4. Draw in the Muscles
The point of this step is to establish the anatomy beneath all the fur. German Shepherds are not particularly fluffy, so the muscles will be visible through the outer coat. However, if you choose a breed such as an Afghan Hound or Bernese Mountain Dog you’ll face a slightly bigger challenge finding the muscles under all the fur.
It is important to understand how the muscles sit under the skin. Understanding the general rules will give you the tools you need to draw any dog, regardless of the hair length.
5. Focus on the Face
Now it’s time to refine the drawing, beginning with the head. We want to start using stronger, more decisive lines at this point.
It’s very important to observe the correct position of the eyes. If you’re drawing a dog’s head straight-on, it’s fairly easy to maintain the correct proportions between the eyes and nose. However, drawing the face in a slightly turned view can be much trickier. Not only are the eyes now at a different angle, which changes their shape and size, but their position in relation to the nose also changes.
It’s important to remember that the eye that is further away from the viewer will not be the same size as the one in the foreground. Perspective means the closer eye will be slightly bigger.
6. Draw in the Muzzle
Like many other dogs, German Shepherds have quite long muzzles. Even pugs, which don’t have prominent muzzles, don’t have entirely flat faces. The length of the dog’s muzzle will vary depending on its breed, so make sure to observe this carefully.
Making the muzzle too long or too short will drastically alter the likeness of the dog. Remember that in a three-quarter view, the muzzle will appear shorter.
Pay close attention to the shape and size of the nose as well. Most dog’s noses look quite similar, but depending on the breed they can be bigger or smaller in relation to the rest of the head. If the dog has an open mouth they will usually show their teeth, gums and tongue, which is typically quite long and flexible.
7. Move on to the Ears
As with the eyes, it is necessary to pay close attention to perspective when drawing ears. Observe the shape of the head and how the ears are attached to it. The ears are generally a mirror image of each other, but even when painting uneven ears (some dogs have one droopy ear, for example) they will stay a consistent shape at their base. In this example I have altered one of the ears on purpose to show you what I mean.
8. Refine the Body
We already have a good idea of the musculature of the body, but on top of the muscles there is skin and fur. In some cases this can drastically change the look of the dog (think about how different certain dogs can look after they’ve been groomed).
German Shepherds are still hairy in places, so where necessary use smaller strokes to indicate fur. The dog I’m drawing has thicker fur around its neck, under its belly and on its tail, but on the rest of his body, especially the head and legs, his hair is shorter. Avoid using the same kind of strokes all over unless it’s a short-haired breed.

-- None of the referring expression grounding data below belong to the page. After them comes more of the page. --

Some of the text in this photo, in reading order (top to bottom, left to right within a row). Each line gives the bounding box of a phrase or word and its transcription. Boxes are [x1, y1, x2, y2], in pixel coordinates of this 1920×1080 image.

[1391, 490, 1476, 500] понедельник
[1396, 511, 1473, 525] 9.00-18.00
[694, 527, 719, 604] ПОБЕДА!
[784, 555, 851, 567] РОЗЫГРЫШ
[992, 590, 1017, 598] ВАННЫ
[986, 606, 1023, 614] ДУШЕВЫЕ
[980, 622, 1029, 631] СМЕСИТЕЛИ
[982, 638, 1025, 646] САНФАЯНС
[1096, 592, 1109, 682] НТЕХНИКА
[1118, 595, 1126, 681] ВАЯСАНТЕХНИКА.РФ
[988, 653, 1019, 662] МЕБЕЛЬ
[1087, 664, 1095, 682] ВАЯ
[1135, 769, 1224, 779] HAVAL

When you’re done, erase the underlying lines if working traditionally or turn off the skeleton/muscle layers if you’re working digitally.
9. Consider Fur Patterns
Every dog is a little different, and their colours can vary greatly. This can still be shown even in a black-and-white sketch. Use varying pencil strokes when shading to ensure the coat pattern doesn’t look flat.

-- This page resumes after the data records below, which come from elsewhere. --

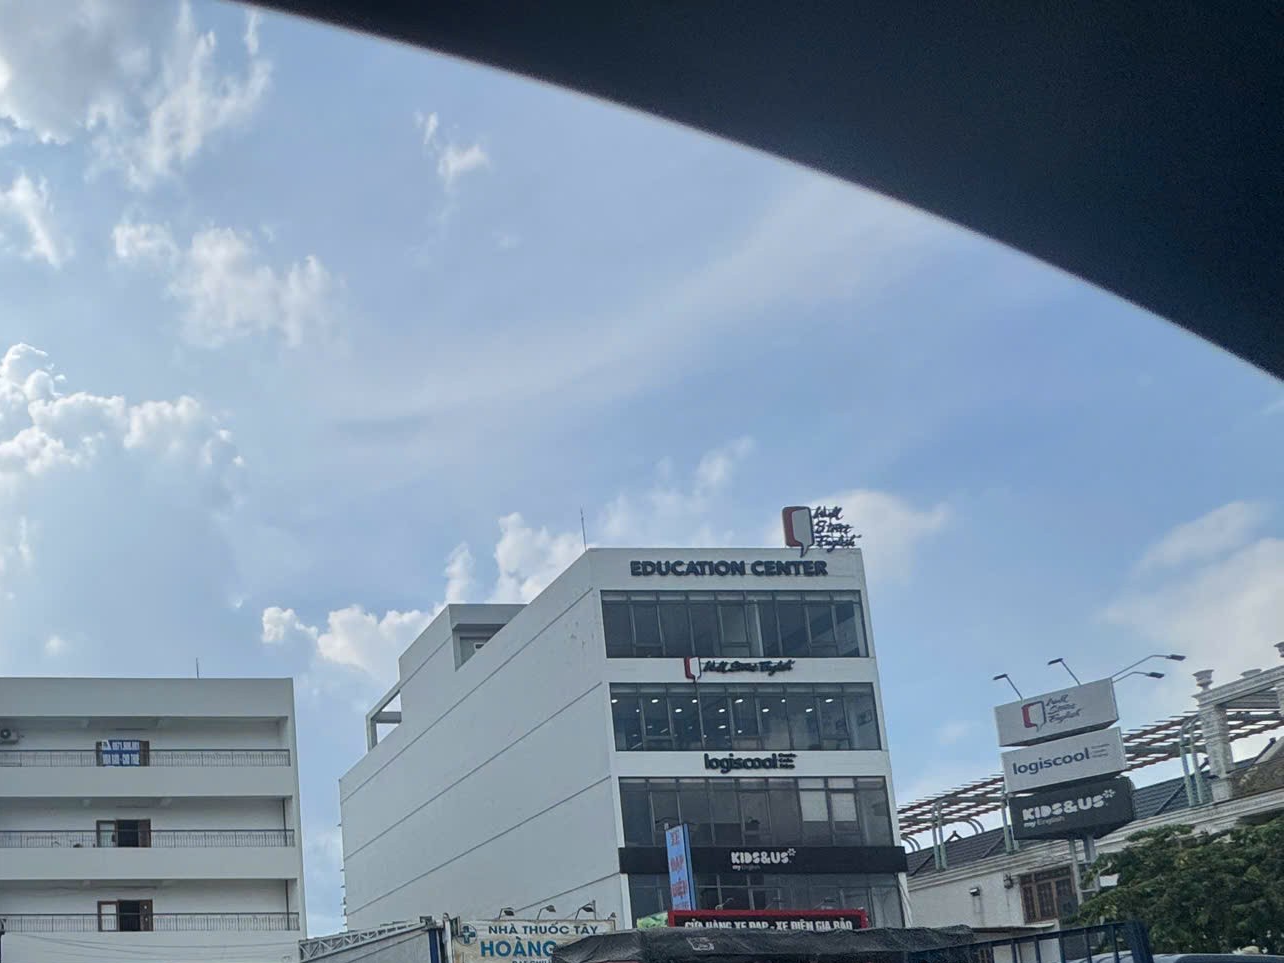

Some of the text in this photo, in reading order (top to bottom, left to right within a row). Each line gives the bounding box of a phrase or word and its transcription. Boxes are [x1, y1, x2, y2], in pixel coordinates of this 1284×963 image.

[630, 561, 828, 577] EDUCATION CENTER
[704, 753, 777, 774] logiscool
[1013, 747, 1090, 775] logiscool
[1022, 795, 1104, 821] KIDS&US
[731, 851, 789, 864] KIDS&US
[488, 922, 598, 934] NHÀ THUỐC TÂY

My dog’s hair is mainly brown and black. I didn’t want to recreate all of the tonal values, so instead I sketched in only the black parts of the fur. I also used lighter strokes along the dog’s back to indicate a light source hitting the fur.
10. Add Final Touches
Finally, I added some subtle strokes along the dog’s legs to give a suggestion of muscles showing underneath the fur. The idea is to convey enough information to give the dog character without having to shade the entire silhouette. The last touch is to add some shadows under the paws and voilà – you drew a dog!